Voilà comment le réformateur apprécie ceux qui l’admirent. Ainsi se juge lui-même, au milieu de sa gloire, ce révolutionnaire et ce novateur. Il n’a pas touché le but qu’il voulait atteindre ; il n’a pas découvert le grand mystère de la vie et du monde. La couronne qu’il a obtenue, c’est la réputation, et il la méprise. L’ombre de sa gloire lui fait peur et pitié


« Je le sais bien, dit-il, je suis en avant de mon siècle. Je suis un de ces flots précurseurs qui viennent battre le rivage, long-temps avant que la multitude des vagues le suive et recouvre la côte. Je sais bien quelle sera ma destinée. On usera de ma pensée en la niant, on montera sur mon cadavre en le déshonorant. Orgueil ou vanité, je n’ai rien voulu devoir à mes ancêtres ; on ne voudra rien me devoir. J’ai détruit, on me détruira ; c’est juste. J’ai élevé un échafaudage sur lequel on montera pour découvrir de nouvelles régions de la science.
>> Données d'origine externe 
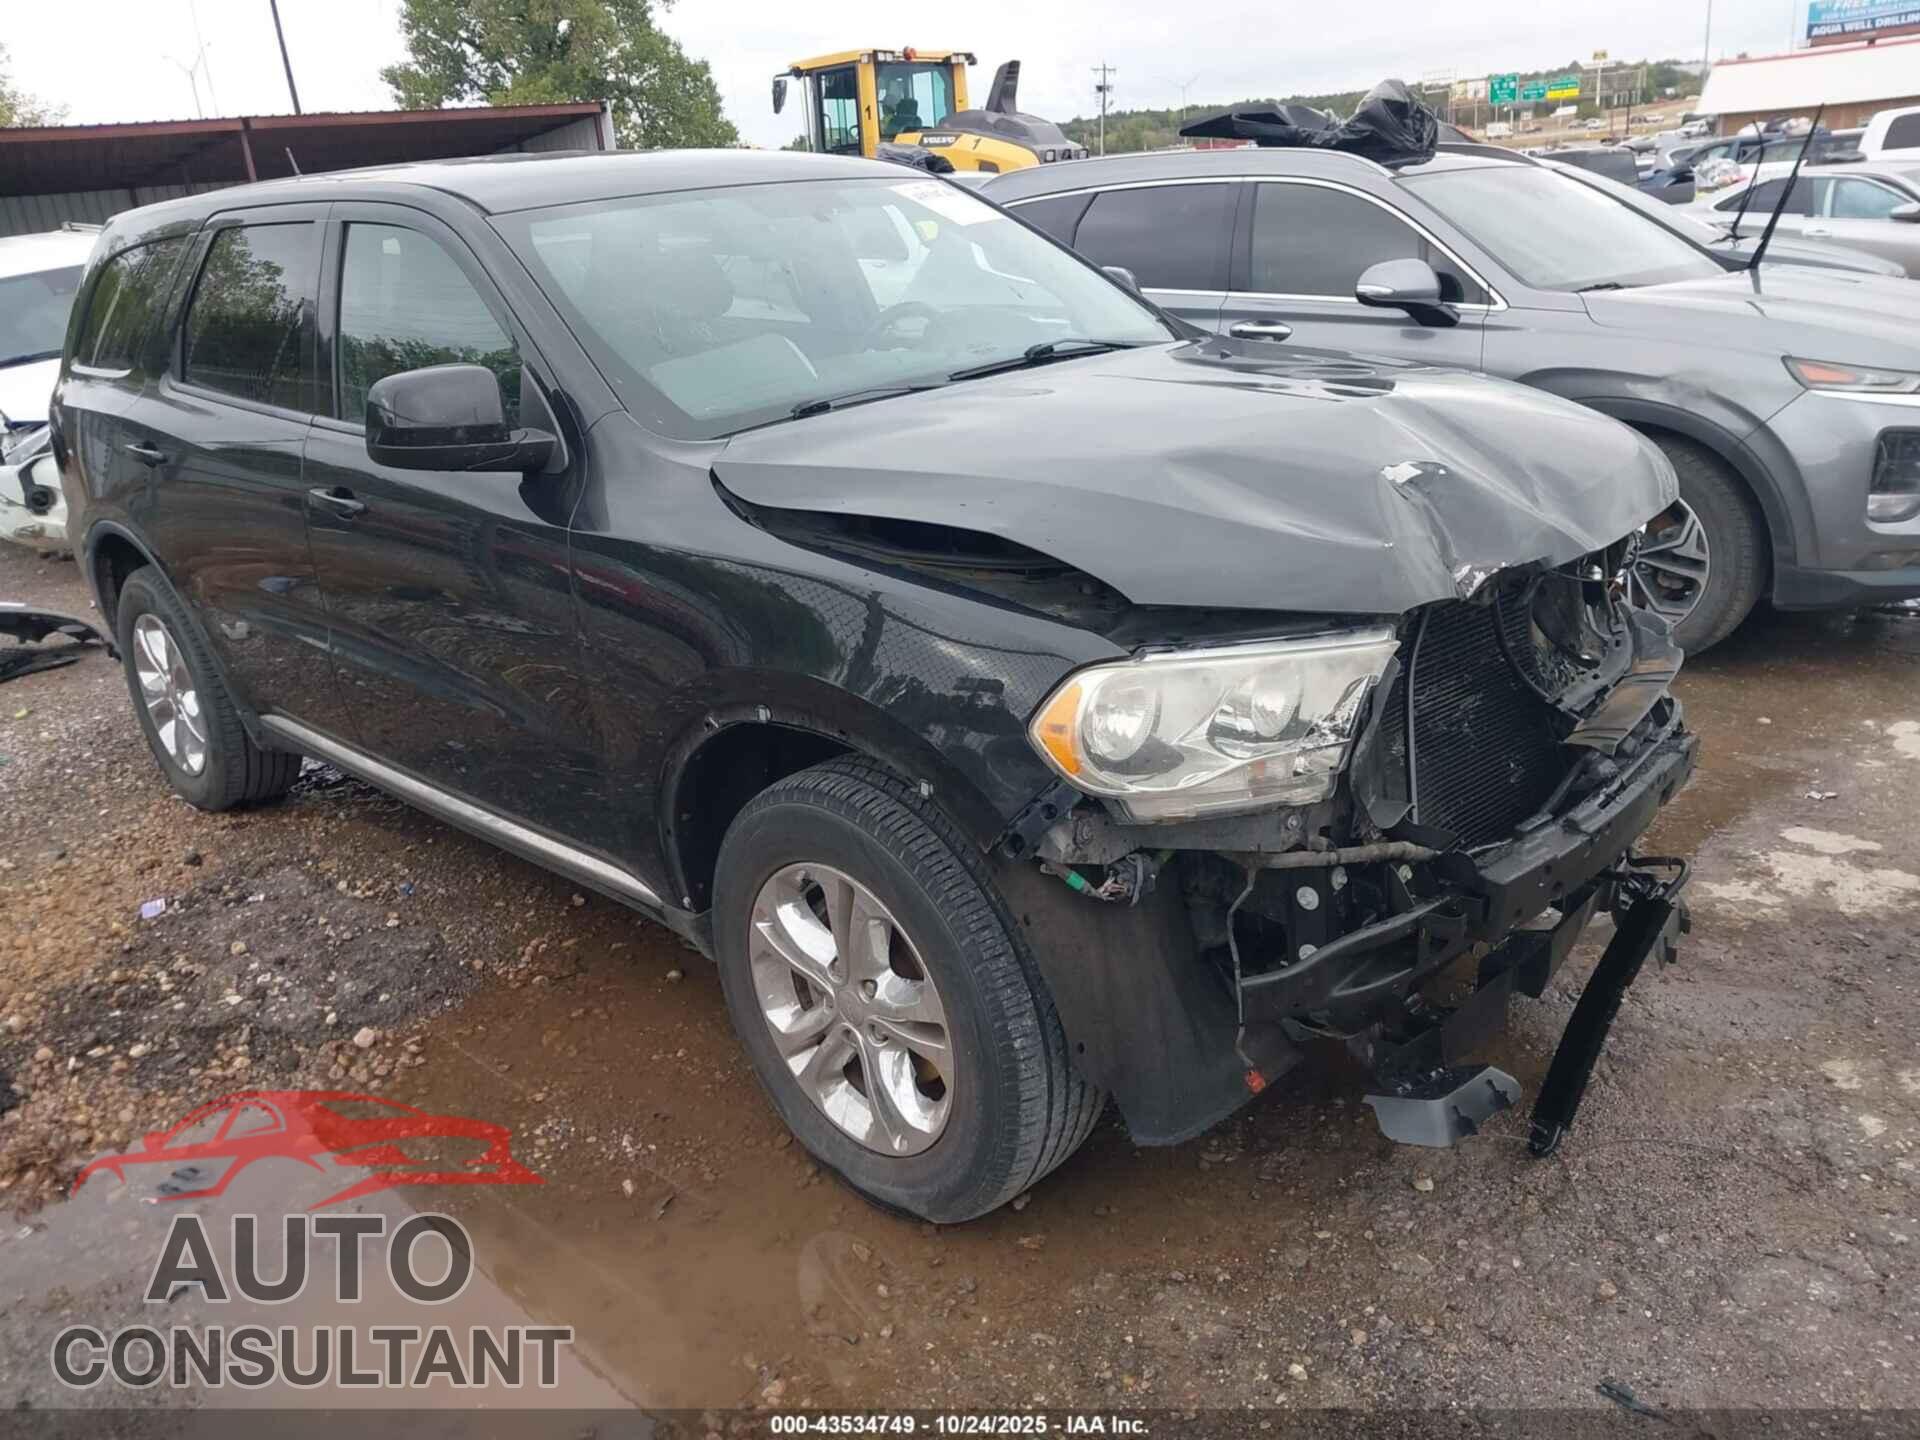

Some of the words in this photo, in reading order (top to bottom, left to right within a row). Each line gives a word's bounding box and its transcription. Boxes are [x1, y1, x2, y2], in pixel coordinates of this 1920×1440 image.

[1811, 24, 1842, 37] AQUA
[1843, 18, 1873, 33] WELL
[923, 136, 957, 144] VOLVO
Que m’importe après tout ? J’aurai accompli mon destin, Dieu fera le reste ! »


Convaincu de la vanité de la science et de celle de la gloire, Paracelse cherche enfin le plaisir ; il se plonge dans les délices sensuelles et trouve en échange de sa dernière tentative le mépris des hommes qui se vengent ainsi de ses dédains. Lorsque, malade et mourant sur son grabat de l’hôpital, à Salzburg, Paracelse retrouve auprès de lui Festus, le cordial et simple ami qui ne l’a jamais abandonné, l’auteur touche tout à coup à l’effet dramatique, et l’atteint naïvement par une invention très simple et très belle.


Paracelse, sur son lit de mort — Parle-moi ! Que j’entende ta voix ! Chante quelque vieille ballade. Je ne veux point songer au passé, je ne veux point rêver !… Parle-moi.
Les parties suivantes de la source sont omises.